Washington does not want to be seen as coddling the North. The U.S. has already spurned a suggestion by North Korea that the two have direct talks, and U.S. officials have instead urged Pyongyang to rejoin six-party nuclear talks.

Those talks have been stalled since last year, however, by a North Korean boycott in protest of a U.S. crackdown on the country's alleged counterfeiting, money-laundering and other wrongdoing. The other parties are China, Russia, Japan and South Korea.

Michael Green, U.S. President George W. Bush's senior adviser on Asia until December and now an analyst at the Center for Strategic and International Studies, called for a stern response to the tests.

"Now is the time for the other parties to put pressure on North Korea, to impose consequences and to make it very clear that these kinds of provocations will only further isolate North Korea," he said.

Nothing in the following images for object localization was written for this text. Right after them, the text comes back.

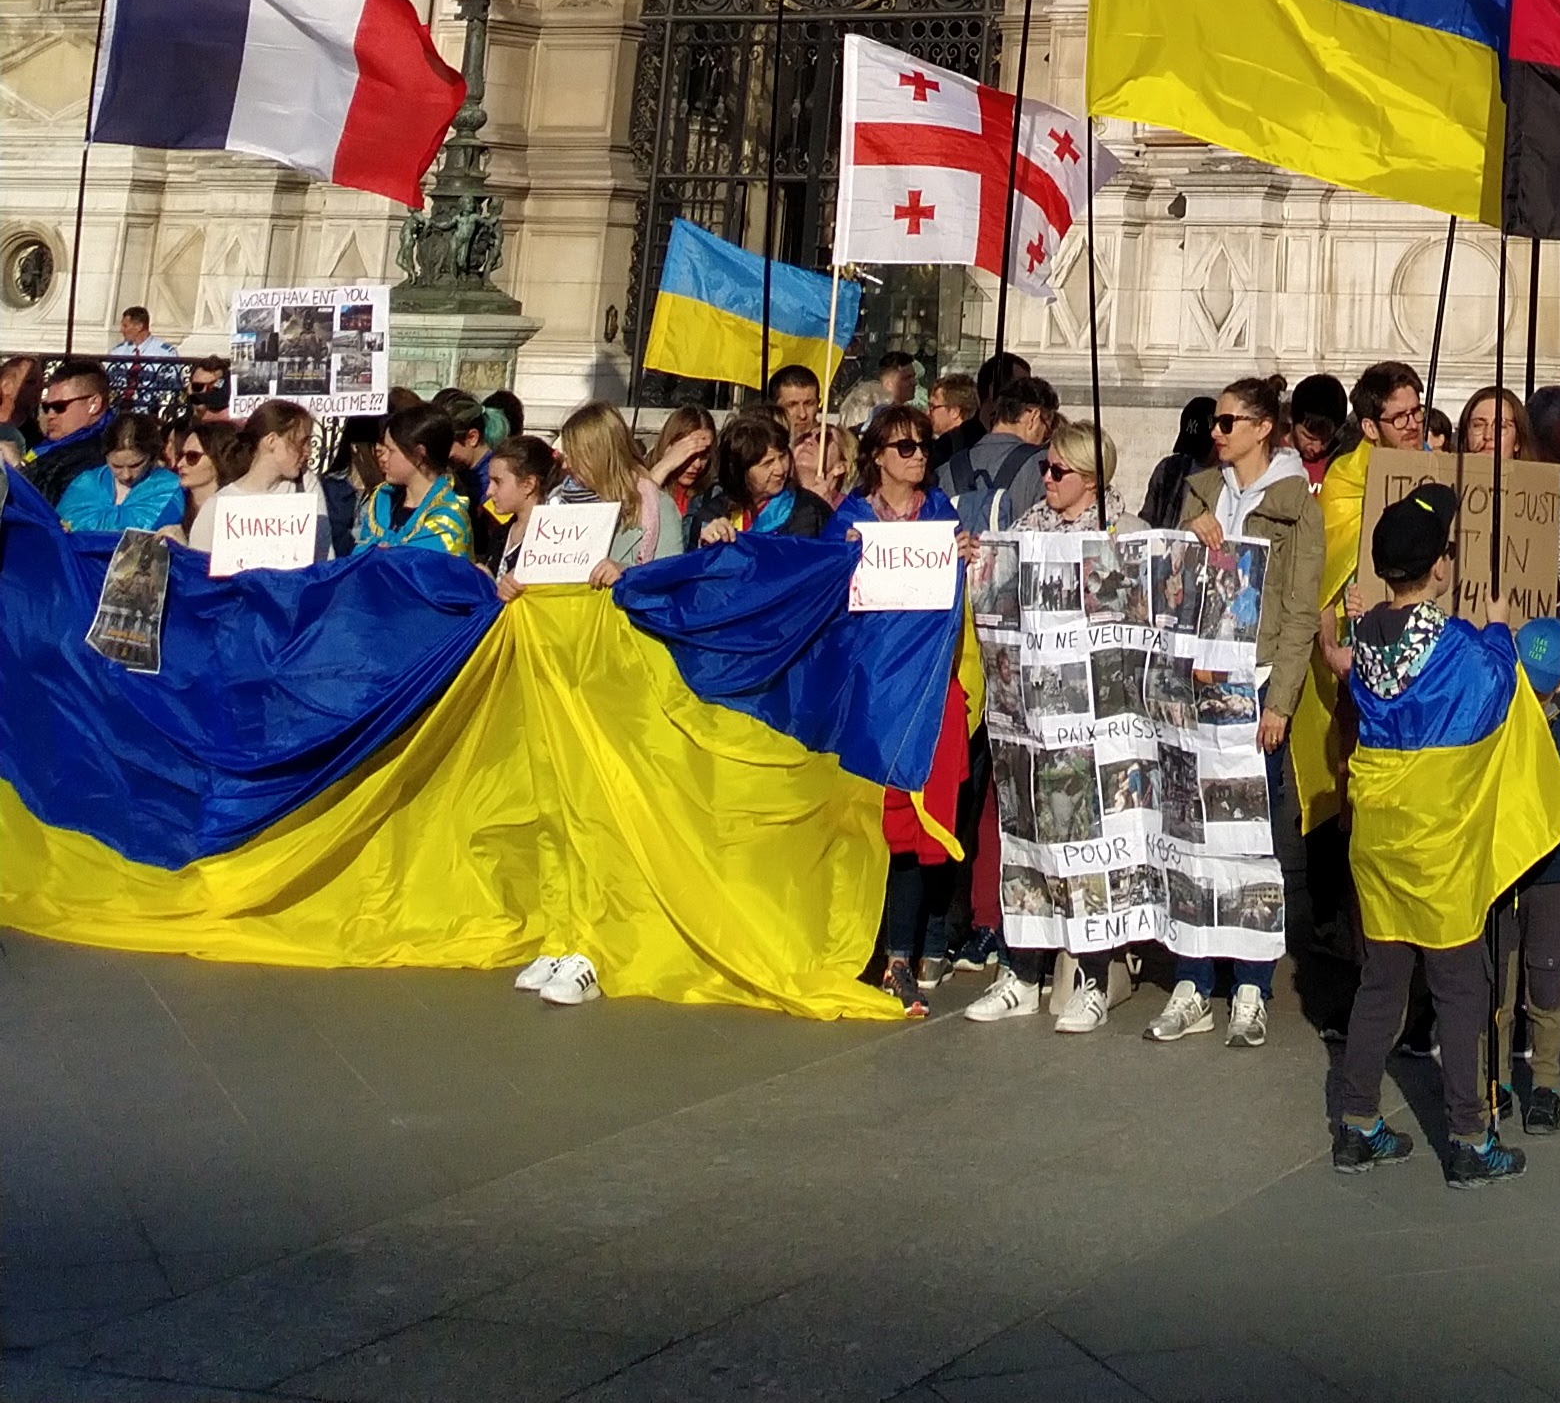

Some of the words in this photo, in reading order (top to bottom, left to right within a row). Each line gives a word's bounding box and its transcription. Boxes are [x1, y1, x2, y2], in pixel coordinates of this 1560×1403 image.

[343, 287, 369, 302] YOU
[309, 396, 348, 413] ABOUT
[350, 394, 367, 411] ME
[860, 540, 954, 570] KHERSON
[1026, 632, 1044, 651] ON
[1056, 631, 1078, 649] NE
[1088, 625, 1135, 647] VEUT
[1142, 627, 1169, 652] PAS
[1108, 719, 1164, 740] RUSSE
[1062, 836, 1131, 866] POUR
[1084, 910, 1179, 943] ENFANTS
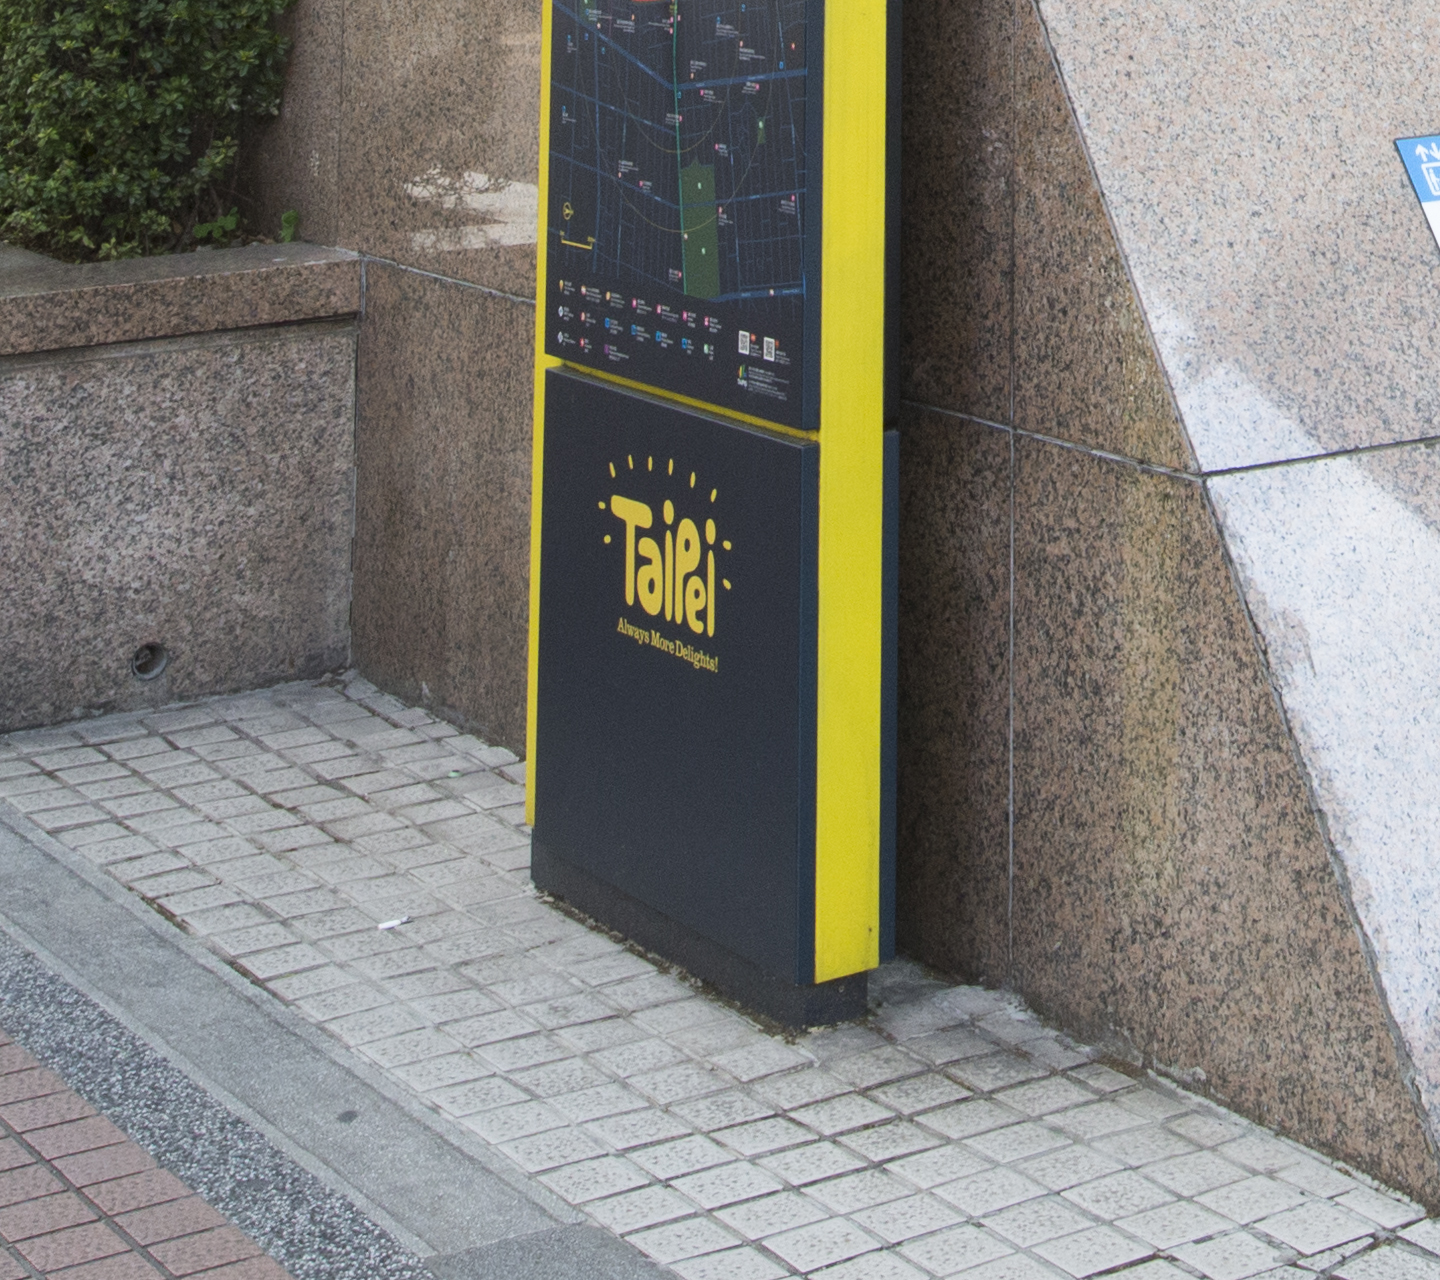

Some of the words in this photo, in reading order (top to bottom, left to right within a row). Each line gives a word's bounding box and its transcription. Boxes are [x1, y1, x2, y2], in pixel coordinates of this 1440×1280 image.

[617, 617, 649, 644] Always
[650, 629, 675, 655] More
[675, 640, 719, 673] Delights!

Still, others point out that options may be limited.

The North Korea regime has braved famine, economic deprivation and diplomatic isolation without caving in before, and its No. 1 patron, China, may block tough pressure against Pyongyang.

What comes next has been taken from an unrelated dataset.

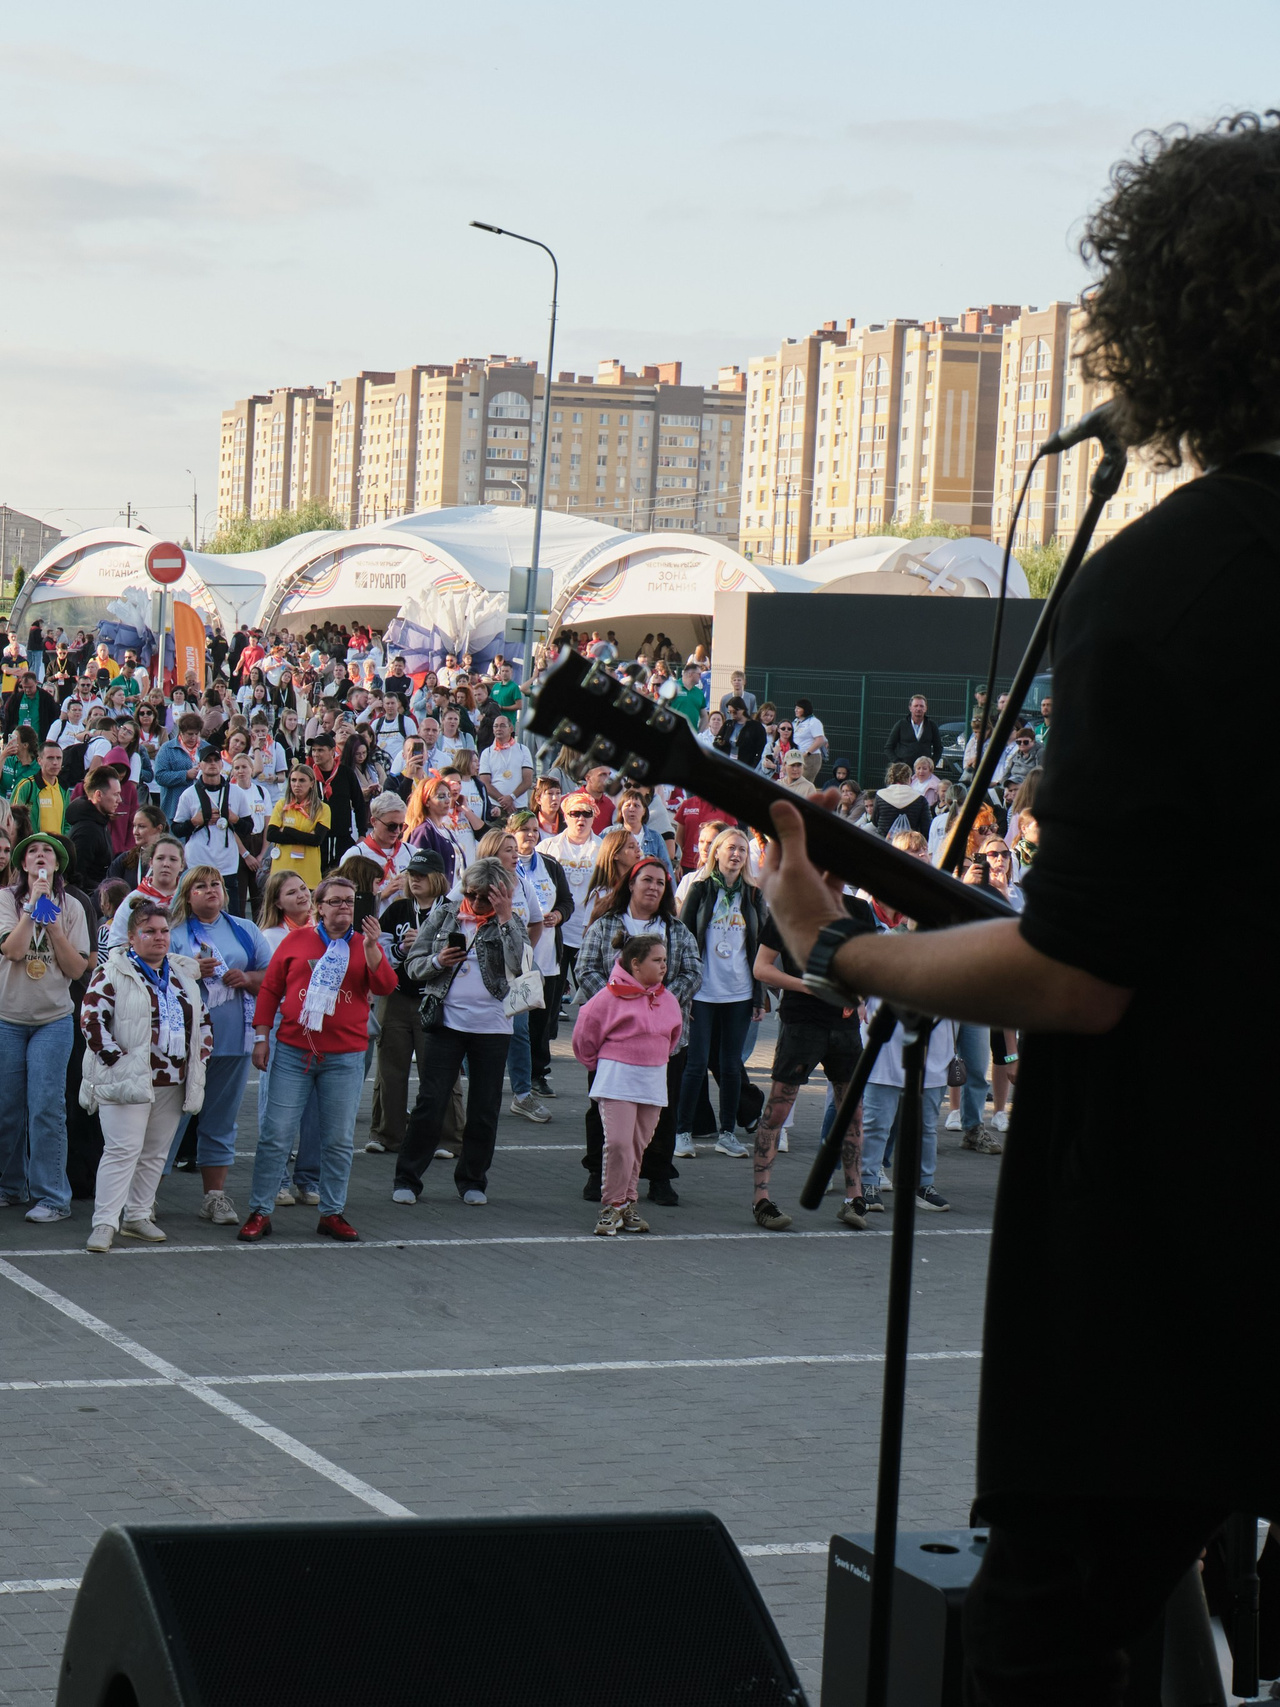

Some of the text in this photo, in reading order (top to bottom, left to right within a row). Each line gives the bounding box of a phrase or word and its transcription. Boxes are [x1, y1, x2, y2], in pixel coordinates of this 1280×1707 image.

[369, 573, 406, 589] РУСАГРО
[658, 571, 687, 581] ЗОНА
[648, 582, 697, 592] ПИТАНИЯ
[185, 646, 195, 671] УСАГРО

Even with Japan and the United States pressing for a U.N. Security Council meeting early Wednesday in New York on the issue, few people expected members to take immediate harsh action.

"China is likely to oppose any imposition of sanctions on North Korea over this problem, so I think the process will ultimately be inconclusive," said Takashi Shiraishi, an East Asian affairs expert at Japan's National Graduate Institute for Policy Studies.

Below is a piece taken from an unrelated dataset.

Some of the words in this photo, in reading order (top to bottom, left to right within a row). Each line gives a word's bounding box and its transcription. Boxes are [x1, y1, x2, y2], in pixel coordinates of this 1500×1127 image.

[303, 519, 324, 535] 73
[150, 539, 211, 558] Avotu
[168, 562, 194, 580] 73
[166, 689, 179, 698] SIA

It was equally unclear what the test tells the world about the state of North Korea's weapons delivery program. The fizzling of what is believed to have been a long-range Taepodong-2 suggested the North Koreans are far from perfecting technology needed to hit the United States with a warhead.

But some caution against coming to such a conclusion.

"Even if the Taepodong-2 test launch was a failure as suspected, there is the possibility that it was 'successful enough' if we think ahead to the next two years or so," said Shiraishi.

"If we don't deal with the problem of North Korea's nuclear weapons during that time, then that could be enough time for the North to enable their missile to carry a nuclear warhead and then we would have a truly serious situation," he added.

There was some speculation that the North feared that would happen, which is why the country also fired off several more reliable shorter-range missiles to provide some successes.

And, given the crafty nature of North Korean diplomacy, there is also the possibility that the Taepodong's "failure" was staged to allow Pyongyang to defy the world with the test of a long-range missile, but not to let it fly so far as to trigger a military response from the U.S.

"The fact that they went down so far away from Japan is not quite as shocking to the American and Japanese as it might have been if they had come close," Kensuke Ehata, a Tokyo-based defense analyst, told Japanese national broadcaster NHK.

Despite the wide condemnation of the missile launches, some said that the world has no choice but to engage the regime and lure it out of isolation as a way of making it less dangerous and unpredictable.

Albright, who met with Kim Jong Il in Pyongyang in 2000, said the missile launches illustrated how the Bush administration needs to review its approach to North Korea. She also urged the development of anti-missile defenses.

"Although the Taepodong failed, it certainly has given the North Koreans an opportunity to learn a lot about what they have in terms of their missile technology," she told CNN.